About this Notebook
On this notebook we are going to analysis tweets from march madness 2018
Use regular expression to clean the tweets text
Familiarize with some natural language processing tools
Sentiment Analysis: Natural Language Processing
First lets read the dataset and inspect the first 10 rows
tweets <- read_csv("data/march_madness_sent.csv")
tweets$tweet_id <- as.character(tweets$tweet_id)
head(tweets[12:21])
For sentiment analysis we are going to use the cleanNLP package that uses Stanford CoreNLP – Natural language software int he backend. First we need to initialize the CoreNLP engine and create an annotation object using the text column, tweet_id and the other columns are given as metadata
cnlp_init_udpipe()
doc <- cnlp_annotate(input = tweets$text, as_strings = TRUE, doc_ids = tweets$tweet_id, meta = tweets[-c(1,2)])

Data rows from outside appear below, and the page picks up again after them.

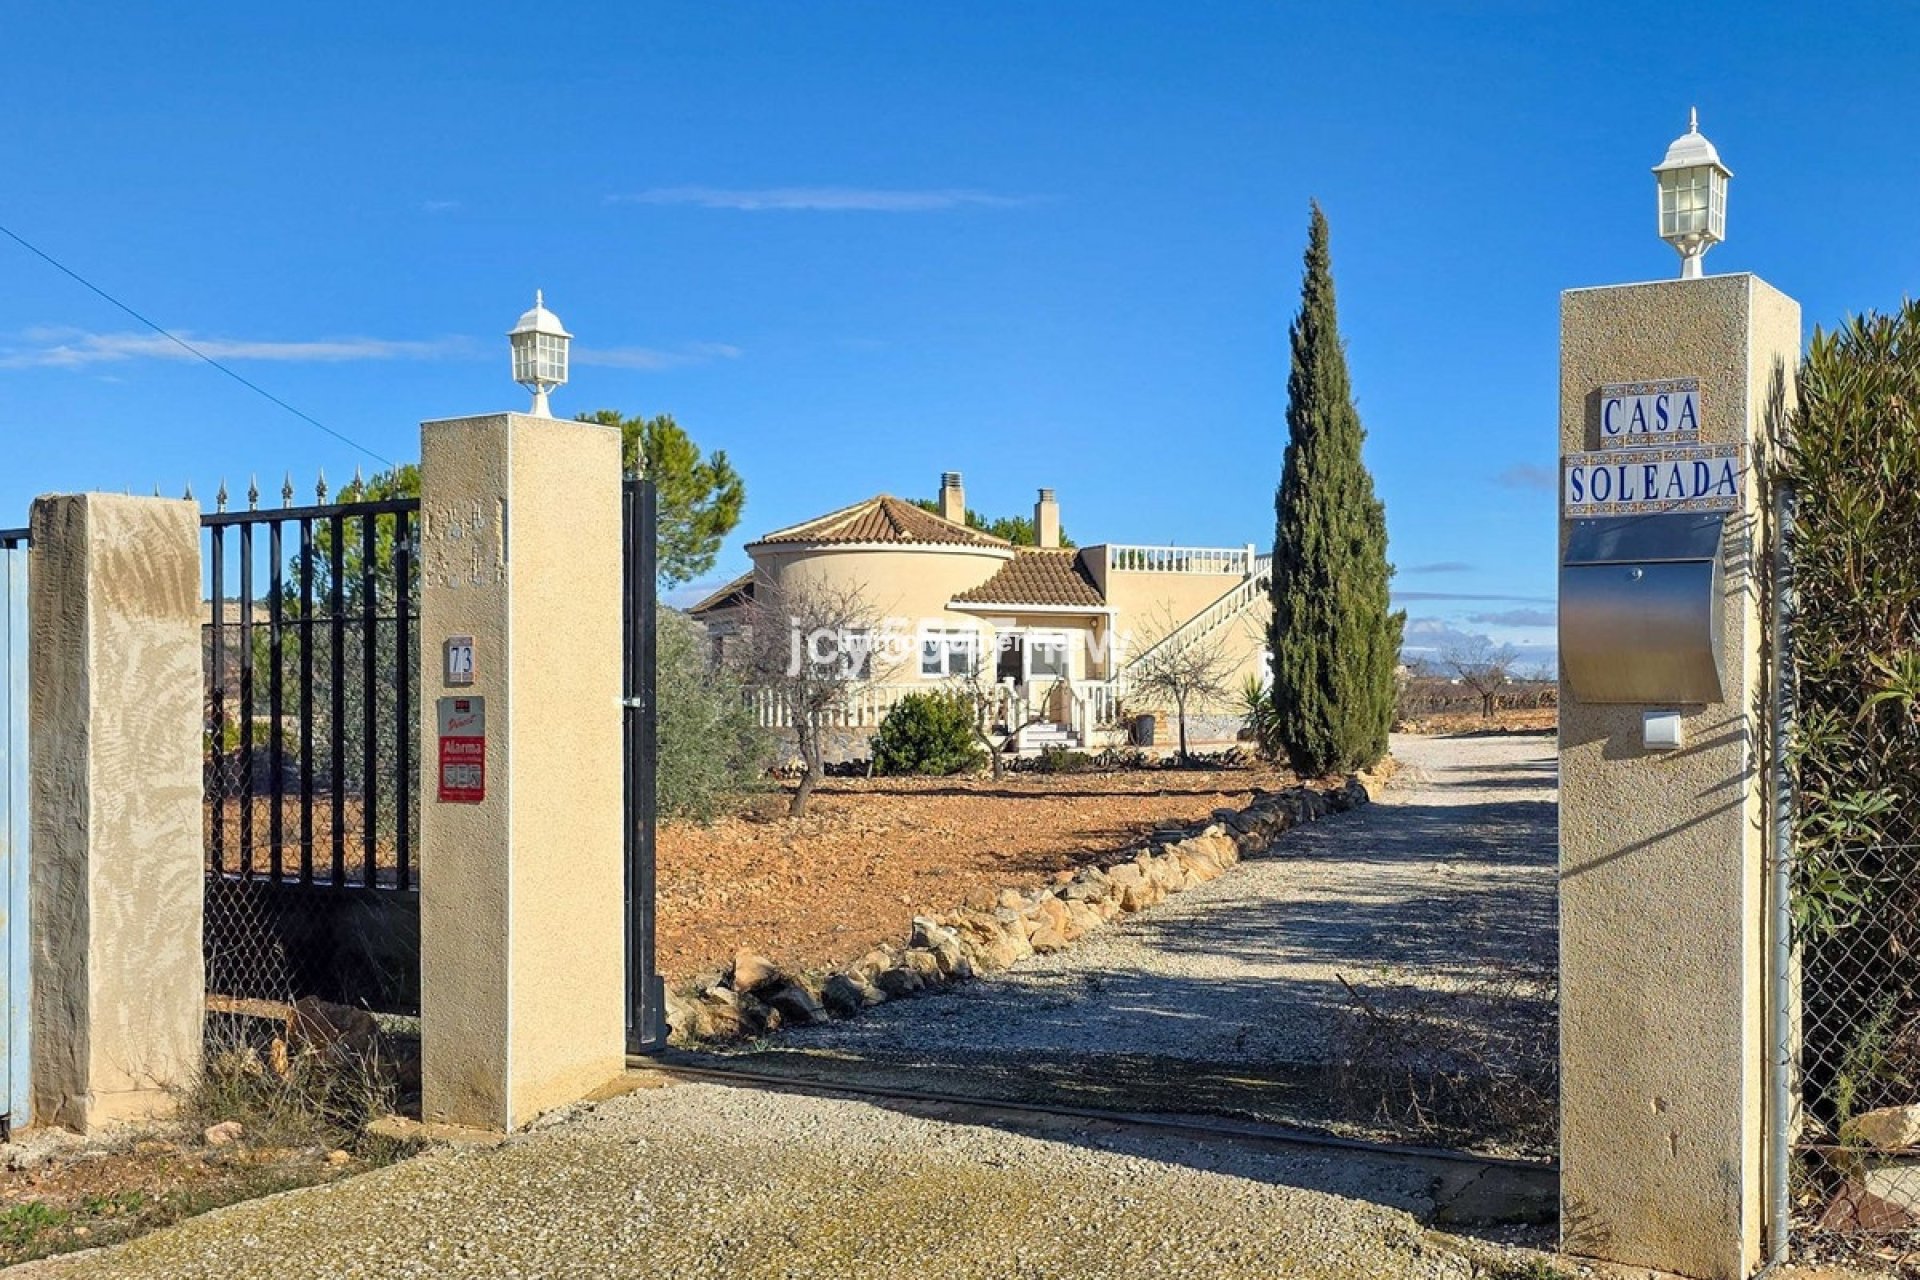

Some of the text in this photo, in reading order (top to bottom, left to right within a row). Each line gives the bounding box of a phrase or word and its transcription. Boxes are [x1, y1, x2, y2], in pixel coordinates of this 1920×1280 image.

[1604, 393, 1698, 435] CASA
[1571, 459, 1738, 503] SOLEADA
[450, 647, 472, 673] 73
[444, 740, 481, 754] Alarma
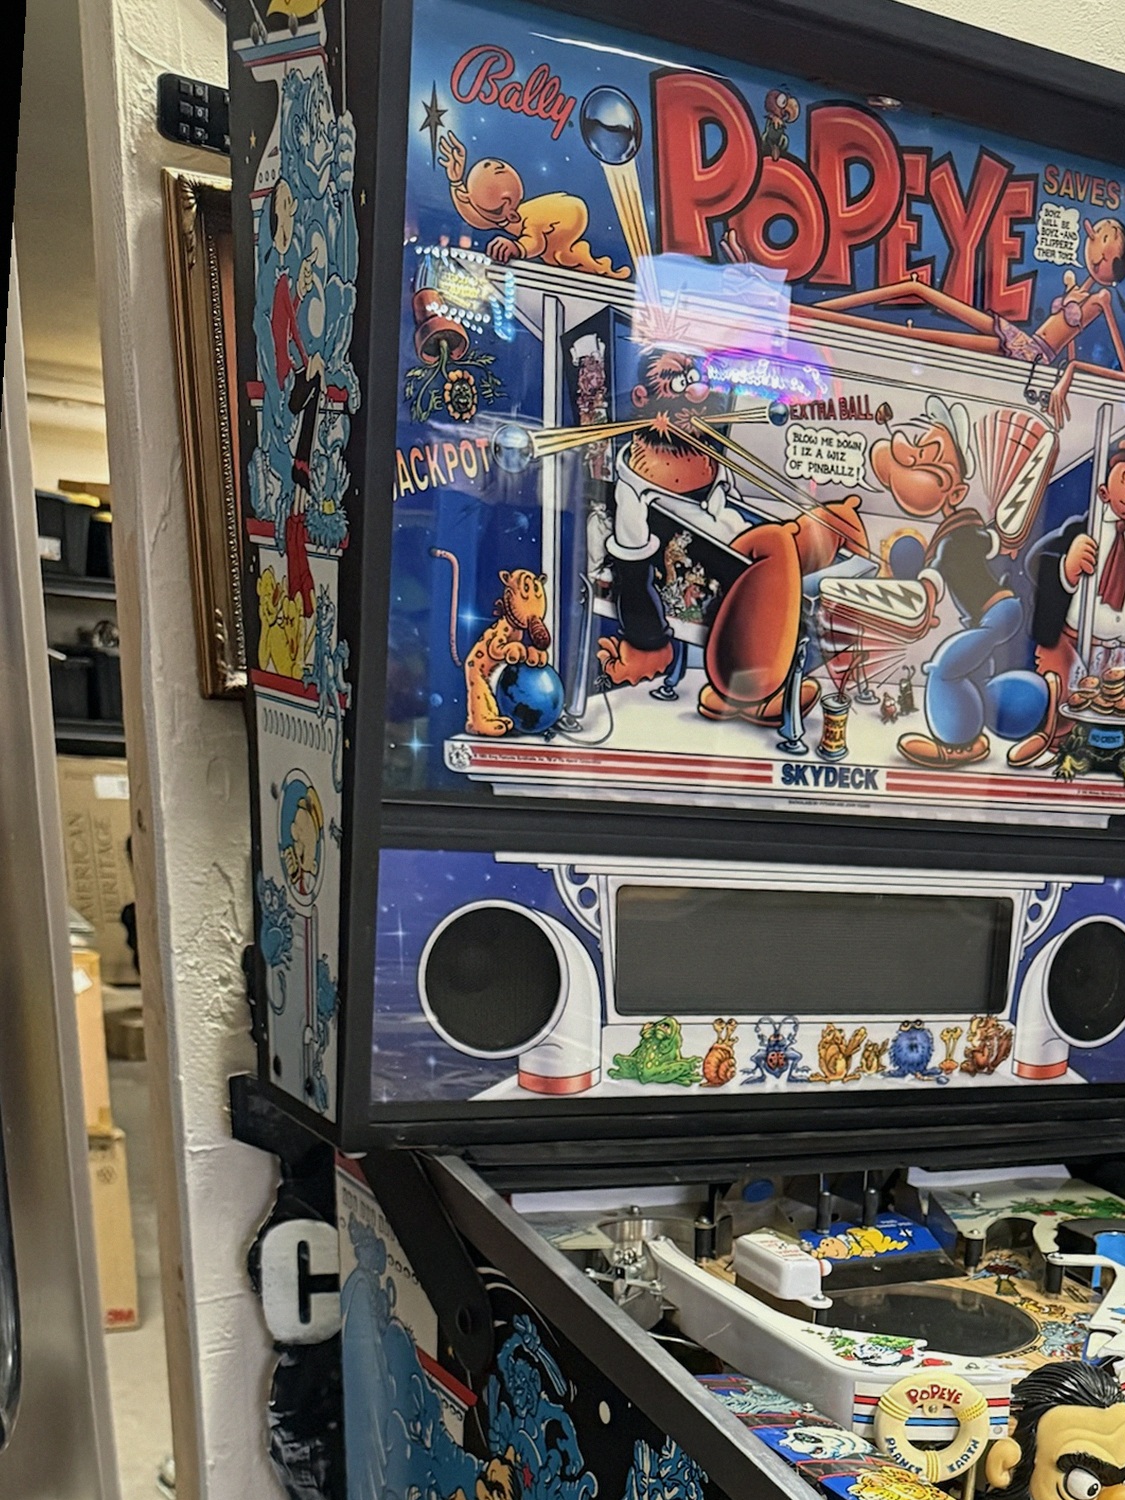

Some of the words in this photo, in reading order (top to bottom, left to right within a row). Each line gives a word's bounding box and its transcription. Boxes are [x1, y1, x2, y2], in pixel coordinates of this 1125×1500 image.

[450, 44, 577, 140] Bally
[650, 66, 1038, 325] POPEYE
[1043, 164, 1120, 211] SAVES
[789, 398, 837, 421] EXTRA
[838, 394, 874, 421] BALL
[793, 432, 818, 445] BLOW
[821, 436, 833, 447] ME
[837, 439, 862, 452] DOWN
[801, 447, 812, 457] IZ
[815, 449, 823, 459] A
[827, 450, 846, 462] WIZ
[392, 437, 490, 501] ACKPOT
[789, 460, 803, 470] OF
[781, 763, 879, 790] SKYDECK
[905, 1384, 963, 1405] POPEYE
[885, 1436, 924, 1475] PLANET
[947, 1438, 980, 1473] EARTH
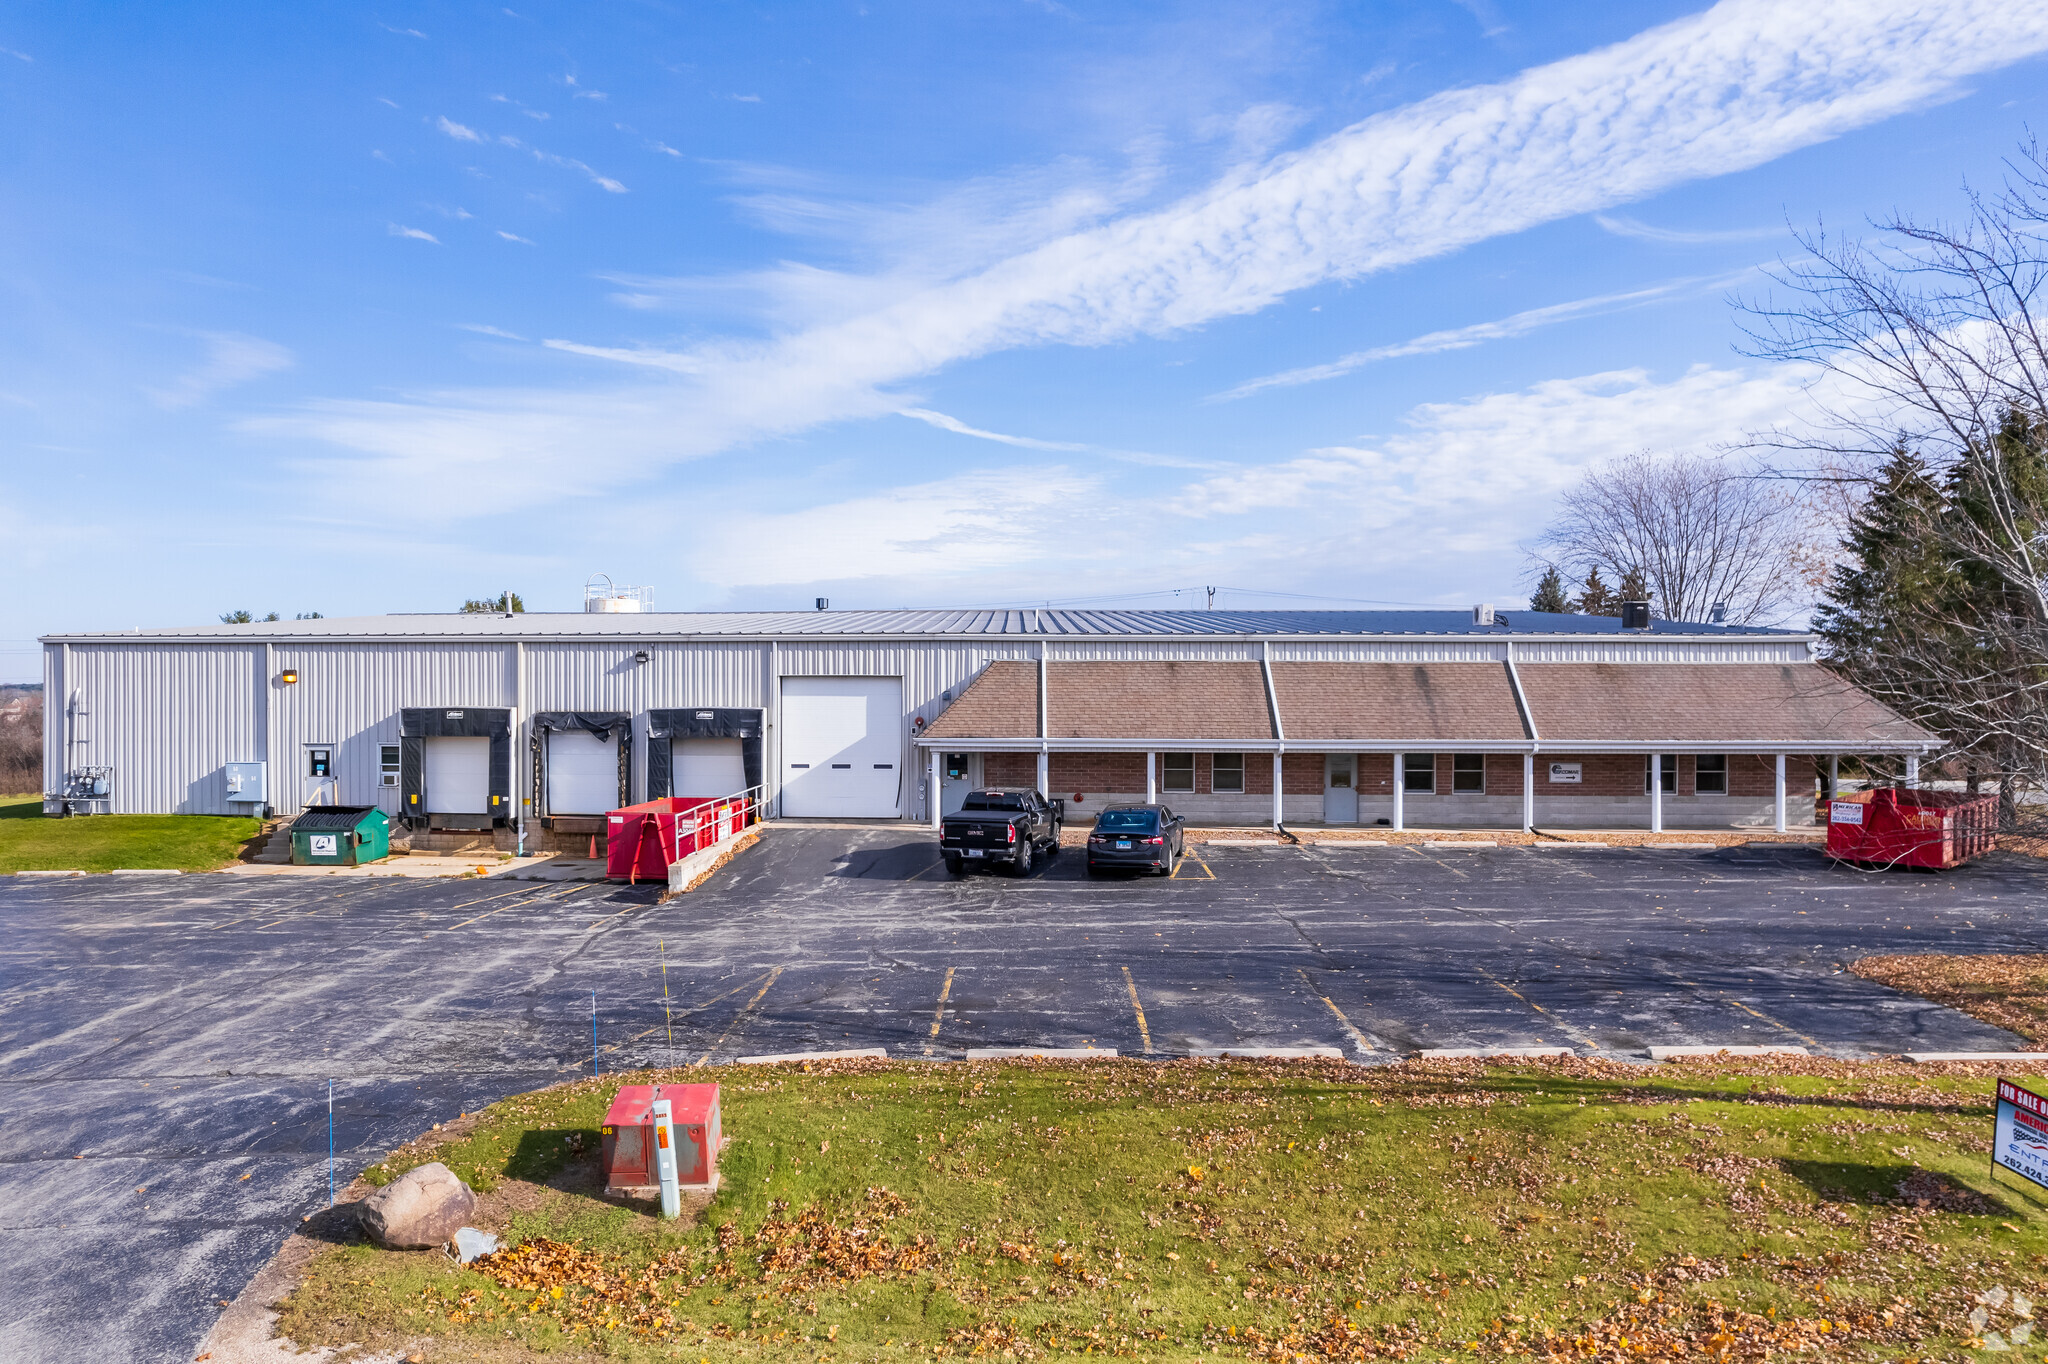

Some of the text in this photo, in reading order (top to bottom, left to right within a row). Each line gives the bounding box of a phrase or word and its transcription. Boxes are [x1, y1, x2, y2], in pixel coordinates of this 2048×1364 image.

[2000, 1083, 2048, 1116] FOR SALE O
[602, 1126, 612, 1135] 06

Lets explore the emotions in the tweets more in-depth. Here we are going to extract the variables regarding emotions and create a subset.
value <- as.double(colSums(prop.table(tweets[, 11:18])))
emotion <- names(tweets)[11:18]
emotion <- factor(emotion, levels = names(tweets)[11:18][order(value, decreasing = FALSE)])
emotions <- data_frame(emotion, percent = value * 100)
head(emotions)